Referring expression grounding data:
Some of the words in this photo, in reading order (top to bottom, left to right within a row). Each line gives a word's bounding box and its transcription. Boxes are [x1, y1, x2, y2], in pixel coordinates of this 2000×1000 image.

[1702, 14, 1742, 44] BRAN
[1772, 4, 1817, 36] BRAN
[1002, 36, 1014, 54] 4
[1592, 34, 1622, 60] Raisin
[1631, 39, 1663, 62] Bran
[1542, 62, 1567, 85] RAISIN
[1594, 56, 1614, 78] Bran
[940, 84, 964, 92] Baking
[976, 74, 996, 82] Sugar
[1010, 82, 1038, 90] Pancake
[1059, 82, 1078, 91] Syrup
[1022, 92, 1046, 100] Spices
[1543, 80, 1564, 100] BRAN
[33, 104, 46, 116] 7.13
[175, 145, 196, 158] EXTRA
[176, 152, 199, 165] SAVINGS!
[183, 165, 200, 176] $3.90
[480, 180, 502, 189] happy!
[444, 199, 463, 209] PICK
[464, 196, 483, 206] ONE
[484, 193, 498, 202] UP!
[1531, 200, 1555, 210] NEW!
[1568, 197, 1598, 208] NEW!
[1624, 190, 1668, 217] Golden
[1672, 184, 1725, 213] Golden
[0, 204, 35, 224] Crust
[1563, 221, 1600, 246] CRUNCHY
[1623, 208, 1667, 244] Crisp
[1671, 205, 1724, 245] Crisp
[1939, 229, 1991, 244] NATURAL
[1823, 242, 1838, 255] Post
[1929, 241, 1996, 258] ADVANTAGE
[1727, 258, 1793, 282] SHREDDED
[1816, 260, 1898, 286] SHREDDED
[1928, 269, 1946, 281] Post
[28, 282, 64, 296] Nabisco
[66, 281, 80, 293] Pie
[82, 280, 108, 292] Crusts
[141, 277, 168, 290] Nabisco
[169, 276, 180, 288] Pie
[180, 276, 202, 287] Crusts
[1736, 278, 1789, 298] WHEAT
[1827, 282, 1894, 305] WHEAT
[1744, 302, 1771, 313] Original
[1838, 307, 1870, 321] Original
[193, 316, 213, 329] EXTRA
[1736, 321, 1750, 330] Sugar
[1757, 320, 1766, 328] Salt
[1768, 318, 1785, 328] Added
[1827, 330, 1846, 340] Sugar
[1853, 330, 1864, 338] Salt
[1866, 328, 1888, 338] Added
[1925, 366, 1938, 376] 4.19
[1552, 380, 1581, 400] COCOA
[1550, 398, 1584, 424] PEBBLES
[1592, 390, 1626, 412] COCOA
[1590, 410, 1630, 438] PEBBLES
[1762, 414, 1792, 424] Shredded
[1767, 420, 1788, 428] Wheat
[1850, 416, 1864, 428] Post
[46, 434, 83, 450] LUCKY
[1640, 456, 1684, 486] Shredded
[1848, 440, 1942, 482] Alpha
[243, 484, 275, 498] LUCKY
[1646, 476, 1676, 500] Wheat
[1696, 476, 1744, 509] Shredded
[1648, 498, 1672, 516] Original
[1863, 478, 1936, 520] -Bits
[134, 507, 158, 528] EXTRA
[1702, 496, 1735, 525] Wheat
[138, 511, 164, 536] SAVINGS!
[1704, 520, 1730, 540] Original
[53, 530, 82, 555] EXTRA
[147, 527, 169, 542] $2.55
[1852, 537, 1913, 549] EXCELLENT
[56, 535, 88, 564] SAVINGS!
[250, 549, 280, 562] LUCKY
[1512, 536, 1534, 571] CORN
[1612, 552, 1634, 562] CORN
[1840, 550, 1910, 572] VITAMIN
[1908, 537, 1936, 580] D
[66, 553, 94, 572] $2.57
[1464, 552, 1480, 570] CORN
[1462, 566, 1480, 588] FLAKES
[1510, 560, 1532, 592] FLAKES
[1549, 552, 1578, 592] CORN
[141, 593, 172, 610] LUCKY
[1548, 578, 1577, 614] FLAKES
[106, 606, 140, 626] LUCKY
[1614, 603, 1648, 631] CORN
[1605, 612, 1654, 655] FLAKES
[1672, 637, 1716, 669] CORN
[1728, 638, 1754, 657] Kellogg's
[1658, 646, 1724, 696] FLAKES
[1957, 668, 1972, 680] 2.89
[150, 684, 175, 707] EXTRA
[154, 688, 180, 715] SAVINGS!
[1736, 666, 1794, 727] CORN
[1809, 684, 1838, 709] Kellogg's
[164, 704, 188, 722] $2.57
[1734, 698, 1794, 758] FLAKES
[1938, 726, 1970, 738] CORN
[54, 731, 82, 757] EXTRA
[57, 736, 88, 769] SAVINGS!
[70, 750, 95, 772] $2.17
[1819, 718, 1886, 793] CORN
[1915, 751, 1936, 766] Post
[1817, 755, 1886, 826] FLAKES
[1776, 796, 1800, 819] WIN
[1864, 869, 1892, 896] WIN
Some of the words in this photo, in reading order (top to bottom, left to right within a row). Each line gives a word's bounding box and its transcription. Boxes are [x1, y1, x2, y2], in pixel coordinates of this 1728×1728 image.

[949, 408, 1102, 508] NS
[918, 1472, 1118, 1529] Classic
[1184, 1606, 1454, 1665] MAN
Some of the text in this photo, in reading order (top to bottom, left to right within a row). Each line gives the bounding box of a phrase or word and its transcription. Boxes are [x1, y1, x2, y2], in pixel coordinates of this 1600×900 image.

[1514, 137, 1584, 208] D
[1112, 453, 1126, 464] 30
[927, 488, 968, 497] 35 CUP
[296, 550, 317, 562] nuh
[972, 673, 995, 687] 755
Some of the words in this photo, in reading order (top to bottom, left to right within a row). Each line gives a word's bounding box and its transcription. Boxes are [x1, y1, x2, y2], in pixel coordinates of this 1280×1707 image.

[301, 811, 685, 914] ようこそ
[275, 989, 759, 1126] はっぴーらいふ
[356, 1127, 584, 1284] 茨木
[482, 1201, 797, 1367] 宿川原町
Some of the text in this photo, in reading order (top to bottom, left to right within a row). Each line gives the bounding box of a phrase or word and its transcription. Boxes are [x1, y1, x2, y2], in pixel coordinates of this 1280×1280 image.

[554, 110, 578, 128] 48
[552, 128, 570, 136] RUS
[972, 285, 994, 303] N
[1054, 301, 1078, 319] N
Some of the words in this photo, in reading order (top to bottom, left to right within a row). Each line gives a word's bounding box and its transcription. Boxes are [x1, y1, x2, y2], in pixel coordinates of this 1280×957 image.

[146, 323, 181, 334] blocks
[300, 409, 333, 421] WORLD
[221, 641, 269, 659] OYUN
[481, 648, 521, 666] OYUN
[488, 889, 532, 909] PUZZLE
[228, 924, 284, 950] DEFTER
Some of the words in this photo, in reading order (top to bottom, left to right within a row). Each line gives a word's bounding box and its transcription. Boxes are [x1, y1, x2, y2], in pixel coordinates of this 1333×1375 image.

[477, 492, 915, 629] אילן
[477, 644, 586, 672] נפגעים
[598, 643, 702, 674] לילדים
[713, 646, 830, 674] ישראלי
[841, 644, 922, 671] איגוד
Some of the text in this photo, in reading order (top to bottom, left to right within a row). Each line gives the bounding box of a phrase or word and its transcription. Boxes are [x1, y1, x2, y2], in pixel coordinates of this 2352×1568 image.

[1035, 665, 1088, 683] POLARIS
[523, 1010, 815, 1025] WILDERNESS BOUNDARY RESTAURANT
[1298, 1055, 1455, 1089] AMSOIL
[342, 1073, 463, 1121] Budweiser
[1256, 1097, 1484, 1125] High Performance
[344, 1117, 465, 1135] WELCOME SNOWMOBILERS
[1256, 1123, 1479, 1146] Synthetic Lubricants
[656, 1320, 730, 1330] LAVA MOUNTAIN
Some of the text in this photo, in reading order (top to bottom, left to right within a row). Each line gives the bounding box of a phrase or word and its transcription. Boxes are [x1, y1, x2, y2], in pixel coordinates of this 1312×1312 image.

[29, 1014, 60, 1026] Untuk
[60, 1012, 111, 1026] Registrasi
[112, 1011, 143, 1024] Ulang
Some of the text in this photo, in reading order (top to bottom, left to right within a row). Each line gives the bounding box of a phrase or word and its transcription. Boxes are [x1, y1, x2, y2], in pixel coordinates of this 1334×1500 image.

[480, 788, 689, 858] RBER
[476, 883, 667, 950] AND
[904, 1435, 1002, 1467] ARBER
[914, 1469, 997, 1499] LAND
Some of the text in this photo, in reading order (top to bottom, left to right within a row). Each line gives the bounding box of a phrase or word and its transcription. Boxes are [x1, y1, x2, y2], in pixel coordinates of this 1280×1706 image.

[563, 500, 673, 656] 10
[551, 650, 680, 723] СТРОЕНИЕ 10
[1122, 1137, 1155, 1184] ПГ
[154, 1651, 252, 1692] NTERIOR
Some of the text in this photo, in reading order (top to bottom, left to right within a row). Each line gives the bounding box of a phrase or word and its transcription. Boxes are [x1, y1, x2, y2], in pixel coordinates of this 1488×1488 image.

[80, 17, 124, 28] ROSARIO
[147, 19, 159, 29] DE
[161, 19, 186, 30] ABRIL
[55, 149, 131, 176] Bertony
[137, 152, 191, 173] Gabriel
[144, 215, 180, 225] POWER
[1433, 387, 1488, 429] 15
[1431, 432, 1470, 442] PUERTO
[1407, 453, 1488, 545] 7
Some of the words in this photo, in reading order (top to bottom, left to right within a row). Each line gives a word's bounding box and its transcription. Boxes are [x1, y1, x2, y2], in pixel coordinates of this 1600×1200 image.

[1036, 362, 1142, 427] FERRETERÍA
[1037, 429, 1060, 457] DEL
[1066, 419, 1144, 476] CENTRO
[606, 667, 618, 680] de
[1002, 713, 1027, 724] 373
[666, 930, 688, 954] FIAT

• TO DO:
All lines from the one containing "this 1280×1706 image." down to the final line above are to be restated word for word; leave out the rest.

• RESULT OF THE TASK:
Some of the text in this photo, in reading order (top to bottom, left to right within a row). Each line gives the bounding box of a phrase or word and its transcription. Boxes are [x1, y1, x2, y2], in pixel coordinates of this 1280×1706 image.

[563, 500, 673, 656] 10
[551, 650, 680, 723] СТРОЕНИЕ 10
[1122, 1137, 1155, 1184] ПГ
[154, 1651, 252, 1692] NTERIOR
Some of the text in this photo, in reading order (top to bottom, left to right within a row). Each line gives the bounding box of a phrase or word and its transcription. Boxes are [x1, y1, x2, y2], in pixel coordinates of this 1488×1488 image.

[80, 17, 124, 28] ROSARIO
[147, 19, 159, 29] DE
[161, 19, 186, 30] ABRIL
[55, 149, 131, 176] Bertony
[137, 152, 191, 173] Gabriel
[144, 215, 180, 225] POWER
[1433, 387, 1488, 429] 15
[1431, 432, 1470, 442] PUERTO
[1407, 453, 1488, 545] 7
Some of the words in this photo, in reading order (top to bottom, left to right within a row). Each line gives a word's bounding box and its transcription. Boxes are [x1, y1, x2, y2], in pixel coordinates of this 1600×1200 image.

[1036, 362, 1142, 427] FERRETERÍA
[1037, 429, 1060, 457] DEL
[1066, 419, 1144, 476] CENTRO
[606, 667, 618, 680] de
[1002, 713, 1027, 724] 373
[666, 930, 688, 954] FIAT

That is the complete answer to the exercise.